A smaller class is a better class
If the Scottish Executive and the Westminster Cabinet want to do one thing to show their commitment to education, they should accelerate the reduction in class sizes throughout nursery to primary 3 and immediately start reducing sizes at all other stages of compulsory education.
Yet as evidence continues to mount that smaller classes can have a major impact, there is still little sign of paying anything other than lip-service to the aim. But teachers, parents and, most importantly, pupils would find that significant class size reduction would be the best present they could get.
However, we must be clear that the key word is "significant". The evidence from the United States is that to be worth while the reduction has to be large. Research suggests that somewhere between 13 and 17 pupils is ideal and that this size of class has amazing benefits in terms of the quality and quantity of learning (much more individualised attention), heightened classroom participation and communication skills, enthusiasm for and initiative in reading, a noticeable decline in the number of disciplinary referrals, a rise in teacher morale (how we could do with that) and better parental involvement.
Lest it be thought that these benefits apply only in small schools and communities, this report is about a programme implemented and evaluated in New York.
Importantly, the American scheme goes beyond the youngest stages. Although the Scottish Executive Education Department claims that there is only evidence of effectiveness at the youngest ages, the evidence from the US is that there can also be improvements for older pupils. California, for example, is piloting a scheme to give funding to all schools that wish to reduce classes at grade 9 (S1-S2 level). Schools can receive $170 a pupil for each subject to implement it.
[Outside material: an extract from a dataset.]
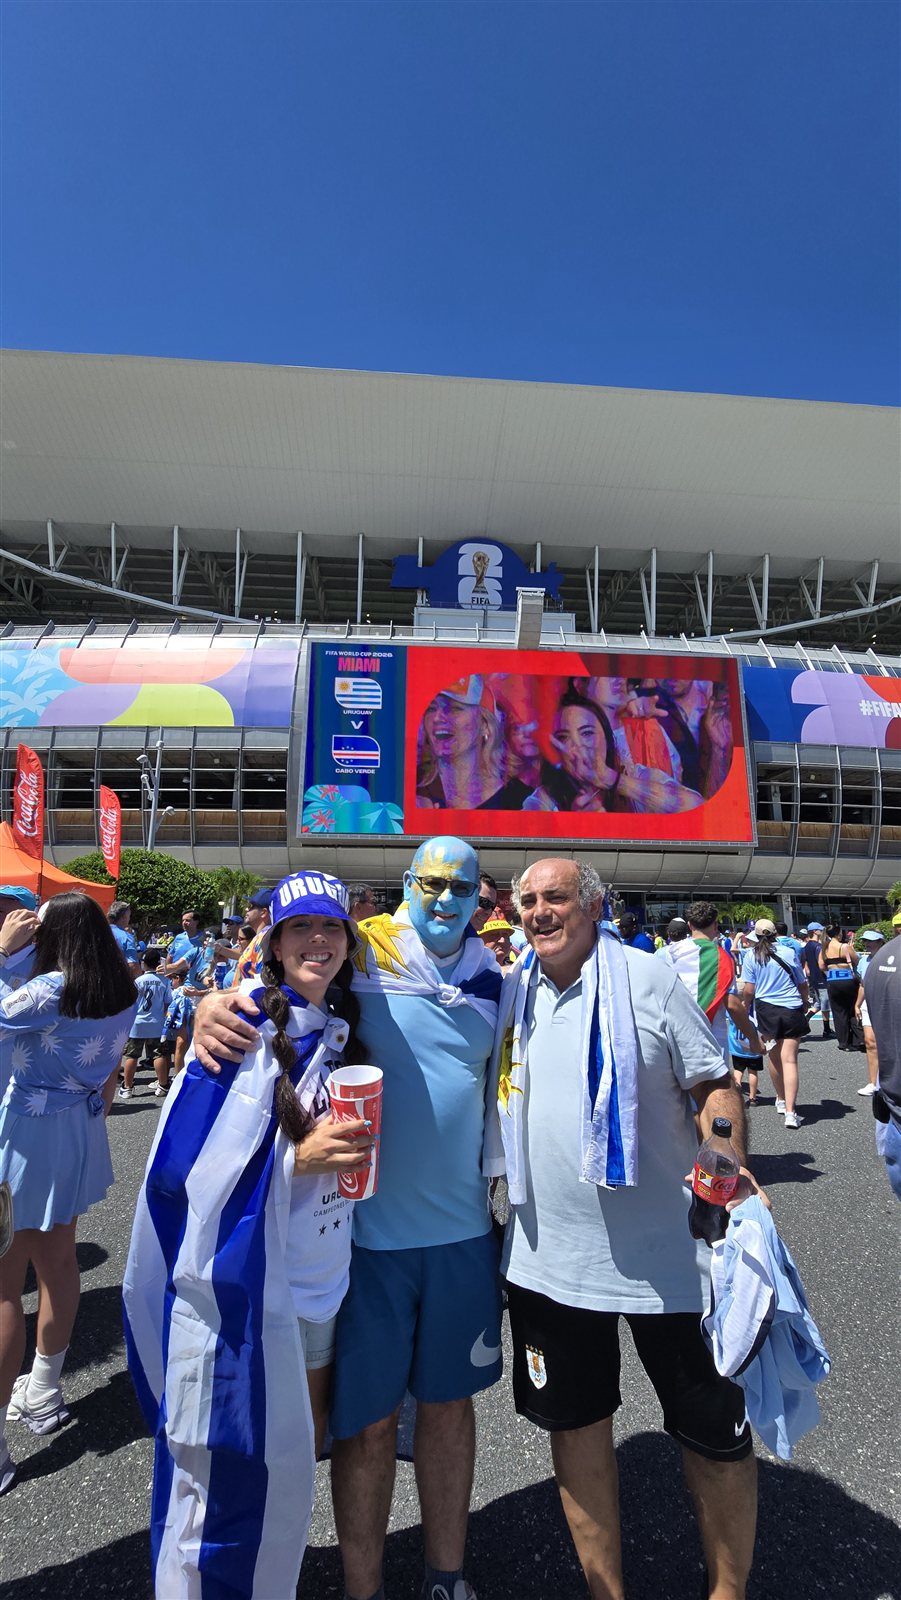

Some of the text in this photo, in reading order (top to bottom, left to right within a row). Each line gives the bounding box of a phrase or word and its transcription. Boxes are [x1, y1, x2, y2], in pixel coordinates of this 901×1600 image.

[471, 597, 490, 605] FIFA
[338, 657, 380, 672] MIAMI
[859, 700, 901, 717] #FIFA
In a piece of esearch I carried out with more than 150 modern studies departments, approximately nine times as many principal teachers concluded that smaller class sizes would improve the learning experience for pupils as believed removing disruptive pupils was the key. Yet on this side of the Atlantic horizons are so low that no mainstream politician even dreams of suggesting that class sizes should be reduced to the levels suggested above.
Education Secretary David Blunkett has famously talked about Labour improving state schools to such a level that parents will not want to send their children to independent schools. Apart from those who see a "snob" value, the main reason is the perceived link between attainment and class sizes - and the smallest sizes are in the independent sector.
It would be churlish to suggest that an immediate commitment to class size reduction across the sectors would be free of problems. The US evidence points to three immediate difficulties. First, staff shortages have led some states to bring in unqualified teachers. Clearly, we would not want to return to those days.
Second, a shortage of classroom space. It would be easier to plan for this during a phase of rebuilding or renovation, but there is little evidence of that being done, even in Glasgow where every secondary school is undergoing major refurbishment.
Finally, money. There would be a cost, but not only has the Government a huge budget surplus (conservatively estimated at more than pound;11 billion), there is much evidence that this would be popular with the public and money could be raised through taxation (although it is perhaps idealistic to think that Labour would even contemplate that during a pre-election period).
However, a campaign urging significantly smaller class sizes and proper funding to achieve them would put "education, education, education" back on the priority agenda.
Henry Maitles is head of modern studies, faculty of education, Strathclyde University.